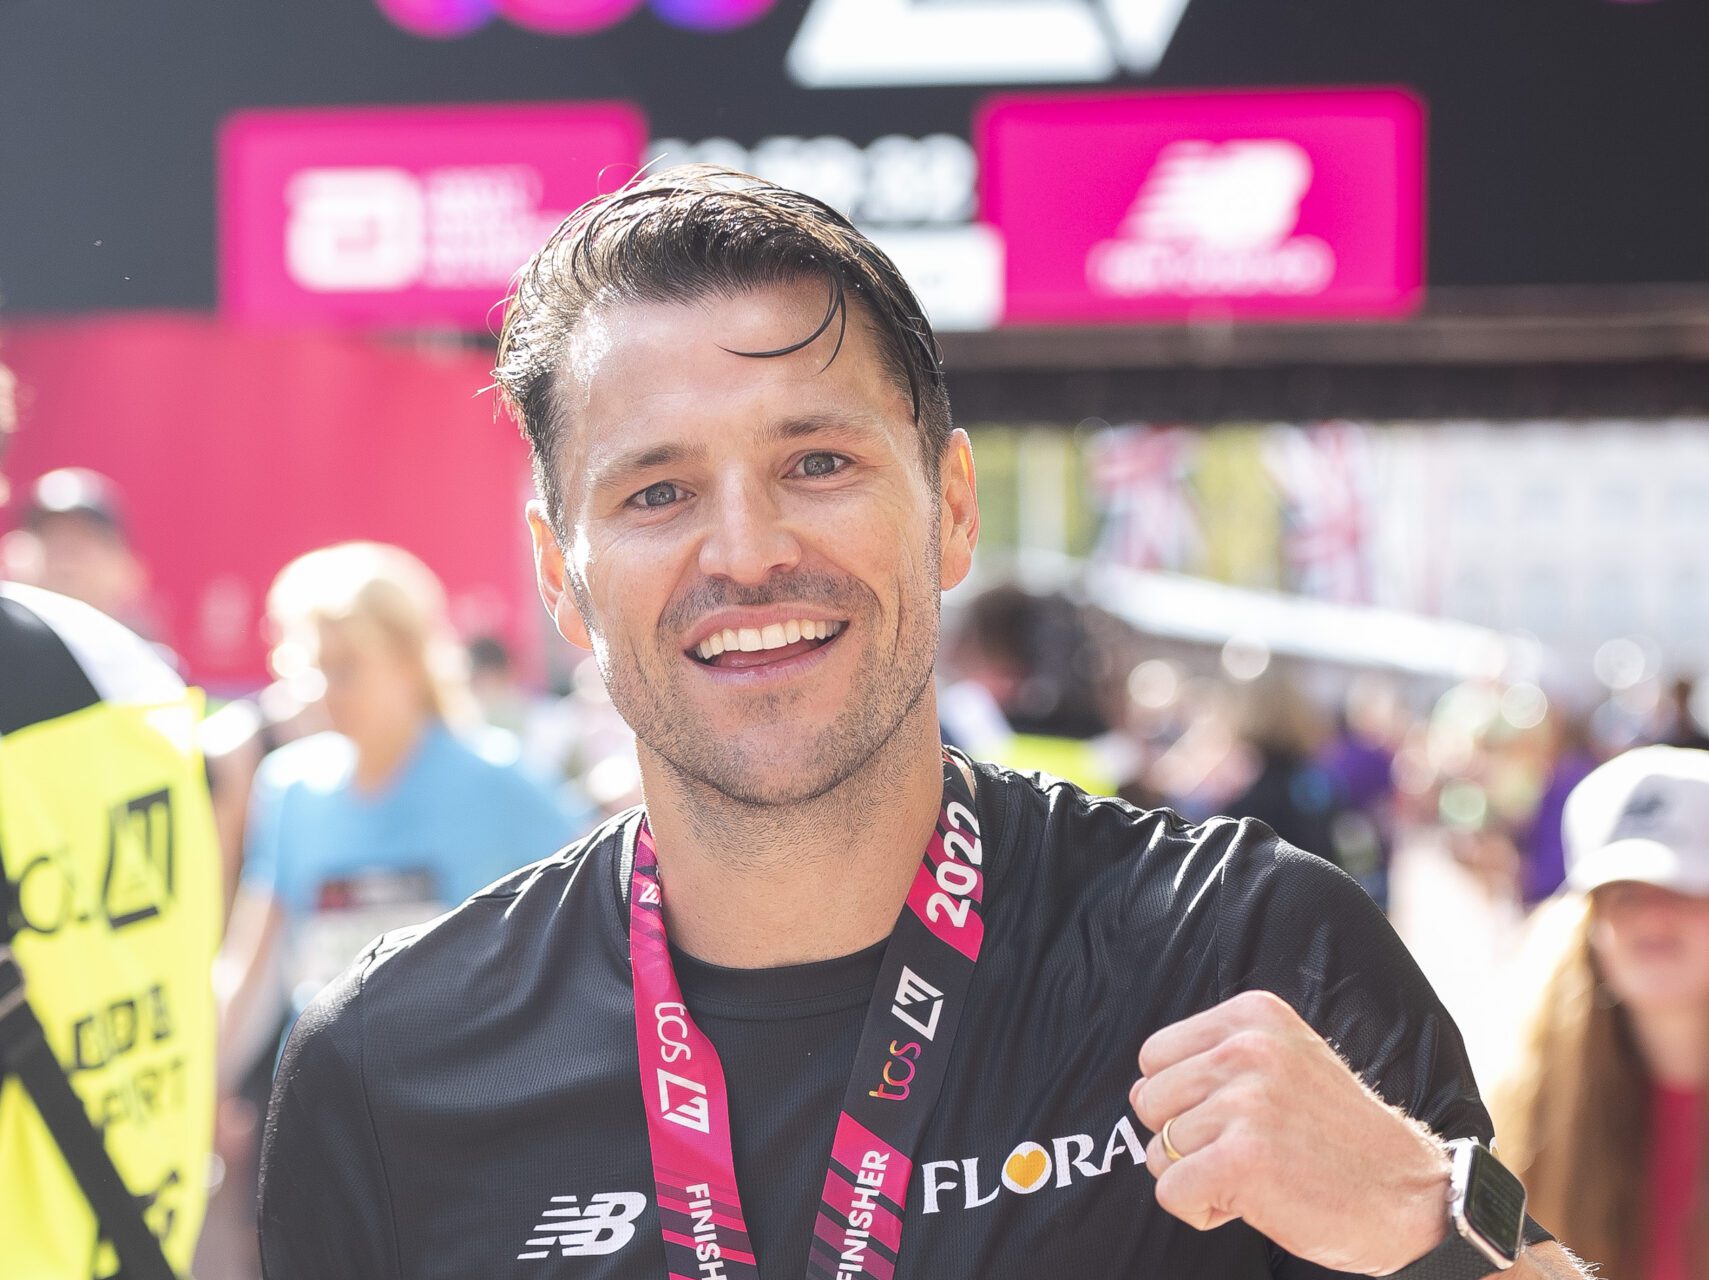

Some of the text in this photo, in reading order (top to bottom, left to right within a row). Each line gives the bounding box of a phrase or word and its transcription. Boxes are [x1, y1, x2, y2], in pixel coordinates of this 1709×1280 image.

[926, 801, 983, 928] 2022
[654, 1001, 692, 1063] tcs
[869, 1039, 922, 1101] tcs
[921, 1115, 1148, 1215] FLORA
§ §
• [ASSIGNED TASK] Please repeat the records above word for word, and do not include the pictures.

• [SOLUTION TO THE EXERCISE]
Some of the text in this photo, in reading order (top to bottom, left to right within a row). Each line gives the bounding box of a phrase or word and its transcription. Boxes are [x1, y1, x2, y2], in pixel coordinates of this 1709×1280 image.

[926, 801, 983, 928] 2022
[654, 1001, 692, 1063] tcs
[869, 1039, 922, 1101] tcs
[921, 1115, 1148, 1215] FLORA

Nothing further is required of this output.